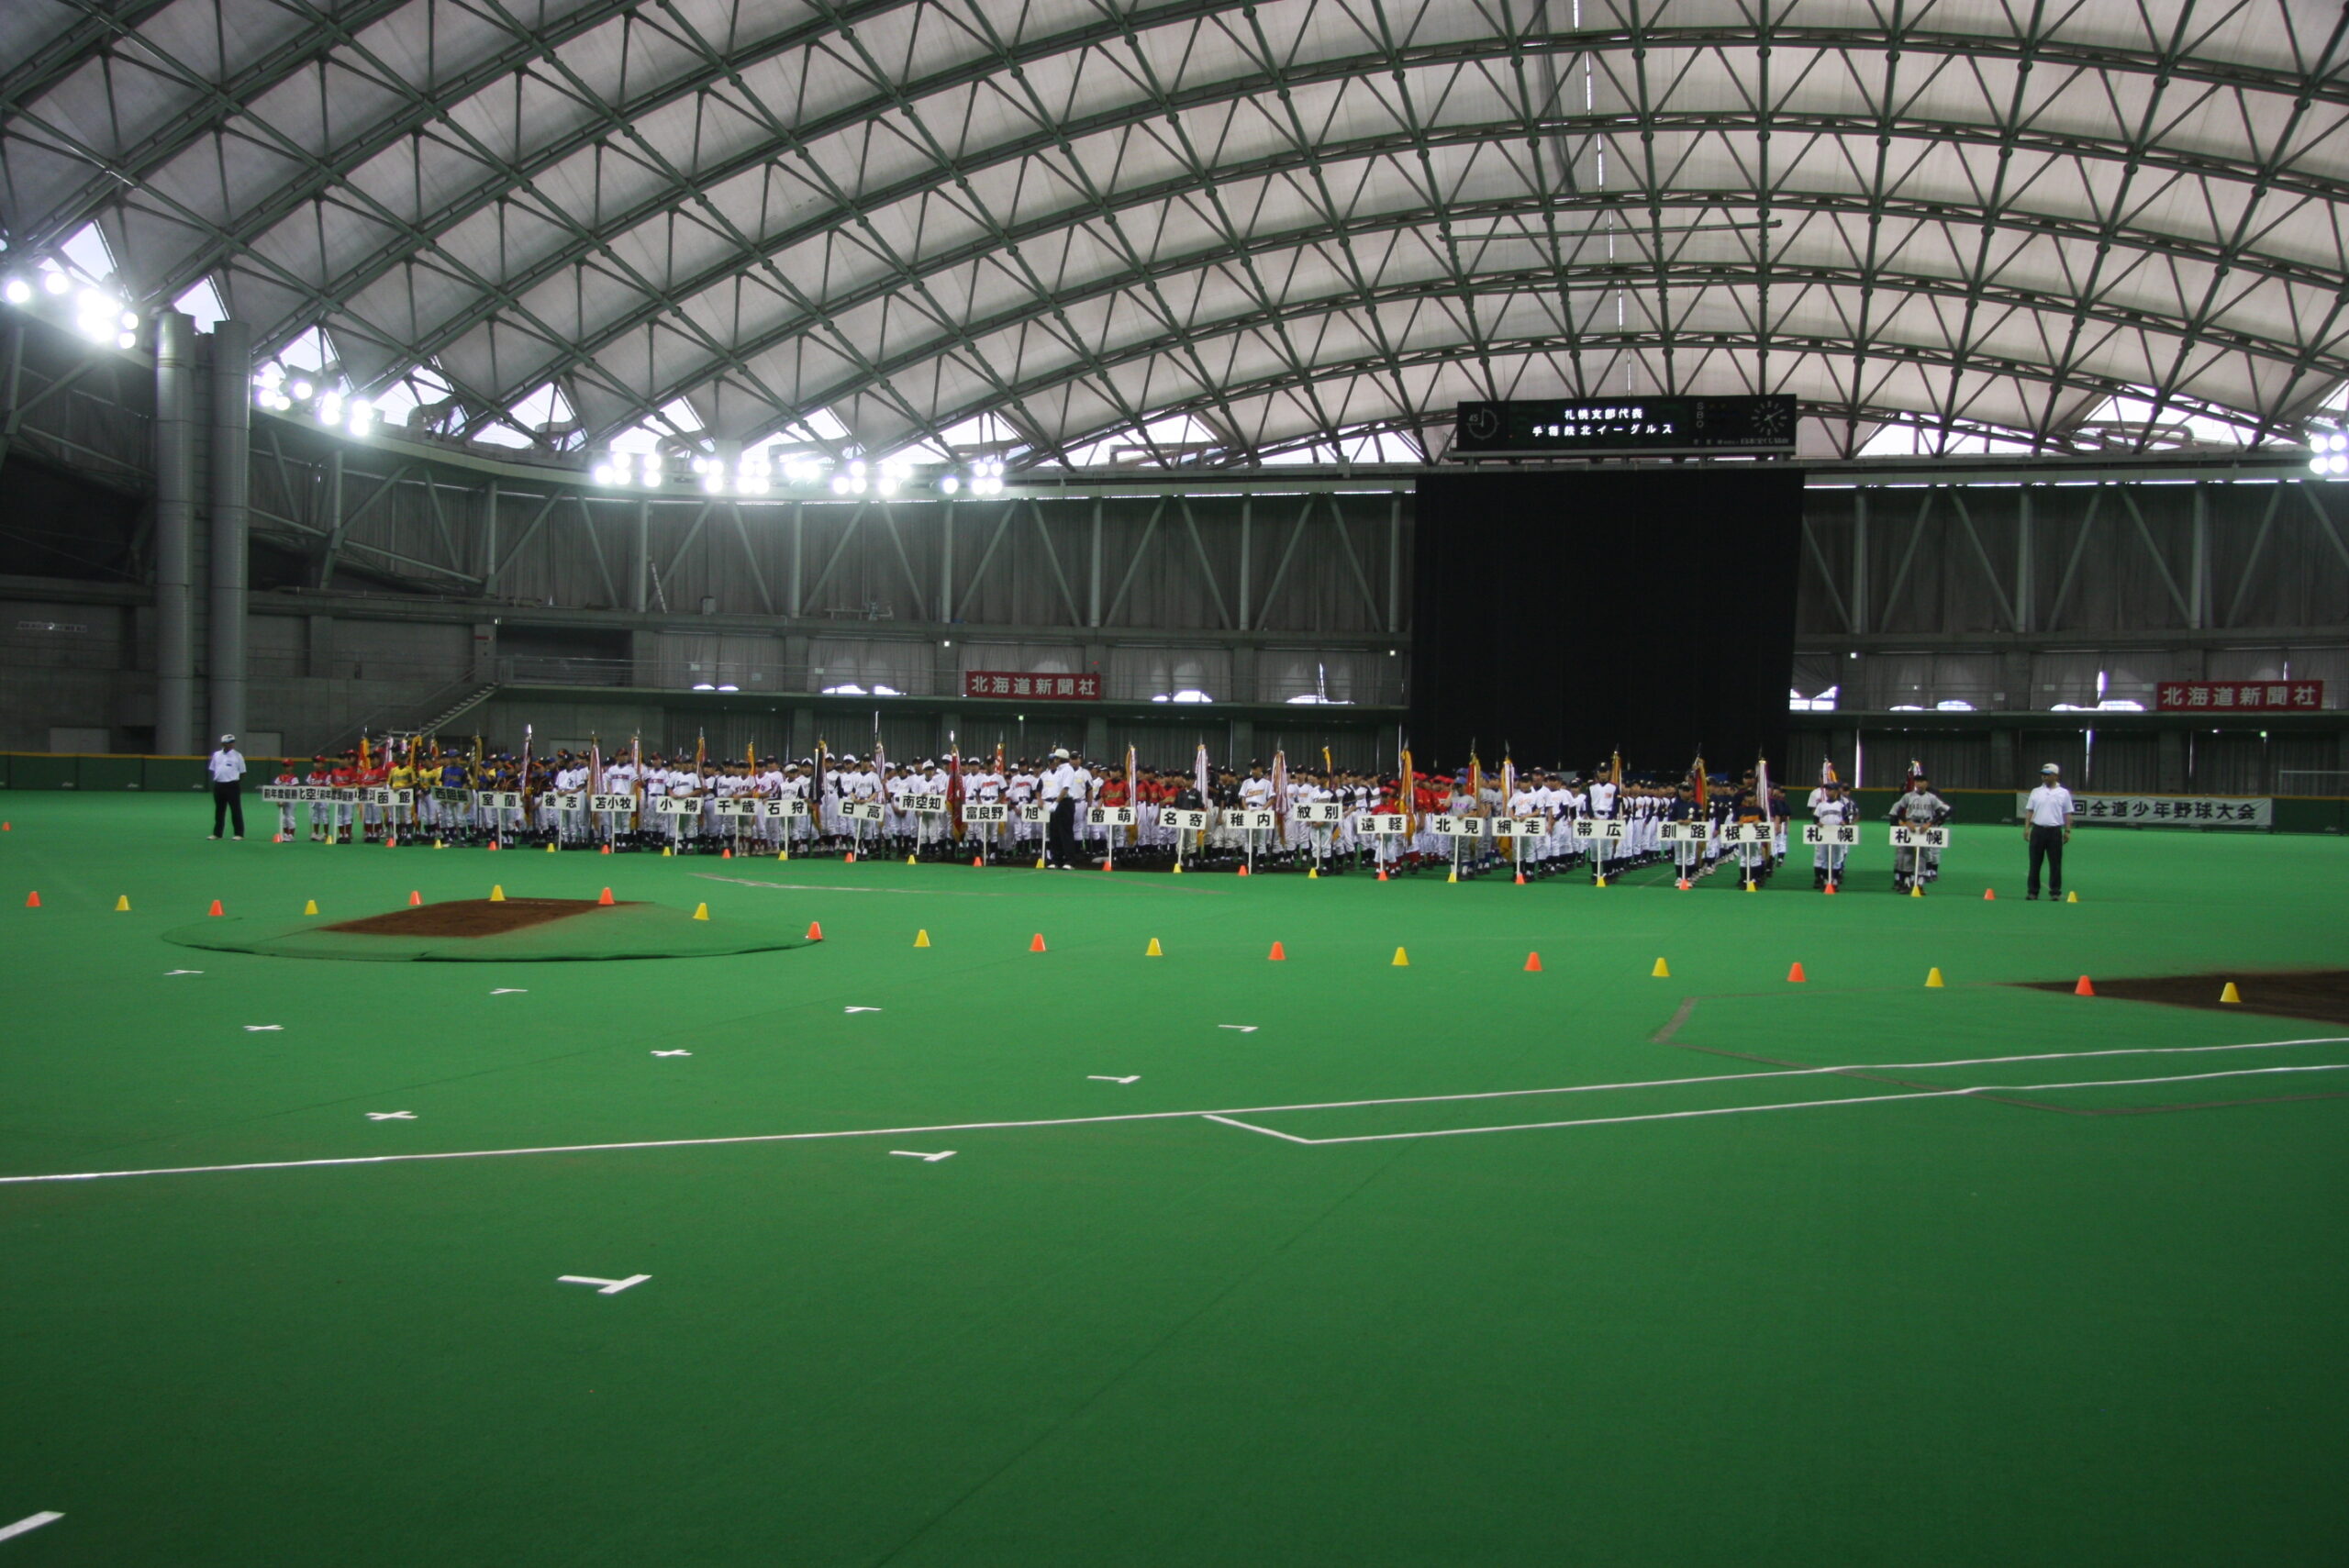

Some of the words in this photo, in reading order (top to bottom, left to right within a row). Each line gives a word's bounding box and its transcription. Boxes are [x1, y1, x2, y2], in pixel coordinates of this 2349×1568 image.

[971, 675, 1096, 695] 北海道新聞社
[2162, 685, 2316, 706] 北海道新聞社
[377, 791, 411, 805] 函館
[482, 794, 517, 807] 室蘭
[545, 795, 577, 807] 後志
[595, 797, 631, 810] 苫小牧
[660, 798, 698, 812] 小樽
[903, 795, 941, 810] 南空知
[718, 800, 755, 813] 千歳
[768, 802, 804, 815] 石狩
[842, 802, 881, 818] 日高
[966, 806, 1004, 819] 富良野
[1297, 806, 1339, 819] 紋別
[1092, 808, 1131, 823] 留萌
[1163, 811, 1202, 827] 名寄
[1230, 813, 1270, 827] 稚内
[1361, 817, 1403, 831] 遠軽
[1436, 817, 1479, 834] 北見
[1497, 820, 1540, 834] 網走
[1577, 822, 1621, 837] 帯広
[1661, 825, 1706, 839] 釧路
[1725, 826, 1771, 840] 根室
[1807, 827, 1854, 842] 札幌
[1895, 828, 1943, 844] 札幌

============================================================

PROBLEM DESCRIPTION: Your reply must reproduce all of the entries exactly and contain no pictures.

OUTPUT OF THE EXERCISE:
Some of the words in this photo, in reading order (top to bottom, left to right within a row). Each line gives a word's bounding box and its transcription. Boxes are [x1, y1, x2, y2], in pixel coordinates of this 2349×1568 image.

[971, 675, 1096, 695] 北海道新聞社
[2162, 685, 2316, 706] 北海道新聞社
[377, 791, 411, 805] 函館
[482, 794, 517, 807] 室蘭
[545, 795, 577, 807] 後志
[595, 797, 631, 810] 苫小牧
[660, 798, 698, 812] 小樽
[903, 795, 941, 810] 南空知
[718, 800, 755, 813] 千歳
[768, 802, 804, 815] 石狩
[842, 802, 881, 818] 日高
[966, 806, 1004, 819] 富良野
[1297, 806, 1339, 819] 紋別
[1092, 808, 1131, 823] 留萌
[1163, 811, 1202, 827] 名寄
[1230, 813, 1270, 827] 稚内
[1361, 817, 1403, 831] 遠軽
[1436, 817, 1479, 834] 北見
[1497, 820, 1540, 834] 網走
[1577, 822, 1621, 837] 帯広
[1661, 825, 1706, 839] 釧路
[1725, 826, 1771, 840] 根室
[1807, 827, 1854, 842] 札幌
[1895, 828, 1943, 844] 札幌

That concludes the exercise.